The ability of bacteria to produce systemic infection often corresponds to resistance to the bactericidal activity of complement (Rautemaa and Meri, 1999), allowing bacteria to survive in the bloodstream and reach internal organs where they develop their pathological effect. Serum resistance has not been studied in RA. However, since this bacterium can cause a systemic infection, it may play a role in virulence. To test this hypothesis, we studied the serum resistance of RA isolates from different clinical outcomes. In addition, previous studies reported that complement resistance is associated with factors including capsules, lipopolysaccharide (LPS), and outer membrane proteins (OMPs) (Álvarez et al., 2000; Attia et al., 2005; Hallström et al., 2006; Hansen and Hirsh, 1989; Marques et al., 1992). Therefore, we determined the correlation between serum resistance and these genes in RA.
MATERIALS AND METHODS
A total of 130 strains were used. They included isolates from systemic infection (n=30) and normal pharynx (n=100). The pharyngeal isolates were obtained from healthy ducks that were in flocks on disease-free farms during 2002 and 2015. The systemic isolates were isolated from the internal organs of ducks involved in RA outbreaks occurring on duck farms during 2012 and 2015. The samples were smeared on Columbia blood agar base (Becton, Dickinson and Company, Franklin Lakes, NJ, USA) containing 5% sheep blood with 6 mg/mL neomycin sulfate and 20 mg/mL gentamycin sulfate (Sigma-Aldrich, Saint Louis, MO, USA) as described previously (Rubbenstroth et al., 2013). After incubation at 37℃ in a 5% CO2 incubator for 36 h, suspect RA colonies with typical morphological characteristics were sub-cultured on 5% sheep blood agar (Hanil Komed, Seung-nam, South Korea). RA was identified by morphology and PCR as described previously (Qu et al., 2006). The forward primer 190f (5’-GTATTGAAAGCTCTGGCGG-3’) and reverse primer 843r (5’-TCGCTTAGTCTCTGAACCC-3’) were used to amplify a 654 base pair (bp) covering the 16S rDNA region (190-843). All strains were stored in 20% glycerol-Brain HeartI nfusion at −70℃ until use.

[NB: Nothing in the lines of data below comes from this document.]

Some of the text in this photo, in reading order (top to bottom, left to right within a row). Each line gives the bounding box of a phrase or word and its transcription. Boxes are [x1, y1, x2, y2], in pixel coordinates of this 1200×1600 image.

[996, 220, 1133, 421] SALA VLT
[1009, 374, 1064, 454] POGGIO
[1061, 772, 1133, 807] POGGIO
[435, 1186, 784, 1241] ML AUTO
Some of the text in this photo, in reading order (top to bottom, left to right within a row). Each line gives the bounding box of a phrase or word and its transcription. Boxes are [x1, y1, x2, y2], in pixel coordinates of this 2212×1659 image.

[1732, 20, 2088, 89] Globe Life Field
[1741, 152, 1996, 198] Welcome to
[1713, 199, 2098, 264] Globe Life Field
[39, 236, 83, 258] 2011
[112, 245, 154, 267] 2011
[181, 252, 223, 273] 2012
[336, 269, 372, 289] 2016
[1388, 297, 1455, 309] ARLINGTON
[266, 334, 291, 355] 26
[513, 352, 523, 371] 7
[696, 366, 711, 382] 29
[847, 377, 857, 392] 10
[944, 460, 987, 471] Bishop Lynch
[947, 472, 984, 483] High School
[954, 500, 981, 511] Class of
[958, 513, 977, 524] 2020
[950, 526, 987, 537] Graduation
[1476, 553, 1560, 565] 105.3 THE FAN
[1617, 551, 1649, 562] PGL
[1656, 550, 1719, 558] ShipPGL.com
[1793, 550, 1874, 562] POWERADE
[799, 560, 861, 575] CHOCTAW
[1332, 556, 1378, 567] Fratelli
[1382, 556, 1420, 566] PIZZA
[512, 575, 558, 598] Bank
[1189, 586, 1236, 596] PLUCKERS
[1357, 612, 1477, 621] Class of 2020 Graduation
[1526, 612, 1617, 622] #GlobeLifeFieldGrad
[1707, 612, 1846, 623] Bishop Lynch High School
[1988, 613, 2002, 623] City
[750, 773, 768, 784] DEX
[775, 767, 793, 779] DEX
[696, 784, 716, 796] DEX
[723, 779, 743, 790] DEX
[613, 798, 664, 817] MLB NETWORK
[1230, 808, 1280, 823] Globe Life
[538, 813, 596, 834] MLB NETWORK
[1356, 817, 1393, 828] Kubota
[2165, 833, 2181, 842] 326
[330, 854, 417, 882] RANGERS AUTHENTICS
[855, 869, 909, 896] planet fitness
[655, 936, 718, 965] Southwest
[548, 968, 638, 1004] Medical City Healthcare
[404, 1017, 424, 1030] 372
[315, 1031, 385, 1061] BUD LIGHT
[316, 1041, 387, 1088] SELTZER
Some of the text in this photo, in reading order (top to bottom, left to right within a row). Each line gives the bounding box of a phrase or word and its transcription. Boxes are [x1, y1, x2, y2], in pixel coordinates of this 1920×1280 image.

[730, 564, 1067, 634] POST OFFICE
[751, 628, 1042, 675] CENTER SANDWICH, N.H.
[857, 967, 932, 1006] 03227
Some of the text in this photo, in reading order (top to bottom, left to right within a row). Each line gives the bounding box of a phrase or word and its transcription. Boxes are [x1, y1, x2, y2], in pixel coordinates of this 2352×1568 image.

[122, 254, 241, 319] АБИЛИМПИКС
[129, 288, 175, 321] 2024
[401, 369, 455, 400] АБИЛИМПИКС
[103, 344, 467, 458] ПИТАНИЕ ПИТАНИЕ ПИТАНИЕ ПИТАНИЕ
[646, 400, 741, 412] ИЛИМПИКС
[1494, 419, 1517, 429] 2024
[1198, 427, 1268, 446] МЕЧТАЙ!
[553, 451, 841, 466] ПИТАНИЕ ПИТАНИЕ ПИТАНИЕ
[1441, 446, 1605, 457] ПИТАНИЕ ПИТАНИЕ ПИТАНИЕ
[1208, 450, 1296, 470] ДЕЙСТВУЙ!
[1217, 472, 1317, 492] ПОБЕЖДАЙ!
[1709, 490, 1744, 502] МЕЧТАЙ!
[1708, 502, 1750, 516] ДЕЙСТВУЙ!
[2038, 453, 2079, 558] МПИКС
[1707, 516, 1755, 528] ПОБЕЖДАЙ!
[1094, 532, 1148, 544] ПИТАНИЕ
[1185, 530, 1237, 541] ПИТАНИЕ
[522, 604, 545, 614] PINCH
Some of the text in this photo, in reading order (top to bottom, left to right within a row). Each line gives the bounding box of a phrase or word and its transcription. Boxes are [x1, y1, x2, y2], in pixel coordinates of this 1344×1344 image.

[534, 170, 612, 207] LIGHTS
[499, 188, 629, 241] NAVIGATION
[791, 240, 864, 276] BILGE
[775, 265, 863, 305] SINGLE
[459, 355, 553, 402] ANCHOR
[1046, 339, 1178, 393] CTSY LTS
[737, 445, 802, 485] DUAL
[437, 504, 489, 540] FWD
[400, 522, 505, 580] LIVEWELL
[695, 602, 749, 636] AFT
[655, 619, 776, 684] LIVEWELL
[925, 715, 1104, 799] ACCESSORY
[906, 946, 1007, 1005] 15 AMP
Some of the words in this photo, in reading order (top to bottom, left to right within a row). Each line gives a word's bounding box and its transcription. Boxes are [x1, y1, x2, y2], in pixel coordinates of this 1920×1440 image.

The 130 RA field isolates were serotyped against 16 serotypes by the agar gel precipitin test (AGP) and slide agglutination (SA) test as previously described (Pathanasophon et al., 2002; Rubbenstroth et al., 2013). Ten reference strains including serotype 1 (D-24105), 3 (D-26338), 4 (H-2565), 5 (D-24123), 6 (P-2123), 7 (D-27179), 14 (D-664), 17 (K-1499), 19 (30/90), and 21 (1062/91) were provided from the South Korea Animal and Plant Quarantine Agency. Six serotypes of commercial anti-RA sera (Biovac, Angers, France) were applied to the RA field isolates for serotyping by the SA test against serotypes 2, 11, 12 (cross-reactive with 16), 13, and 18.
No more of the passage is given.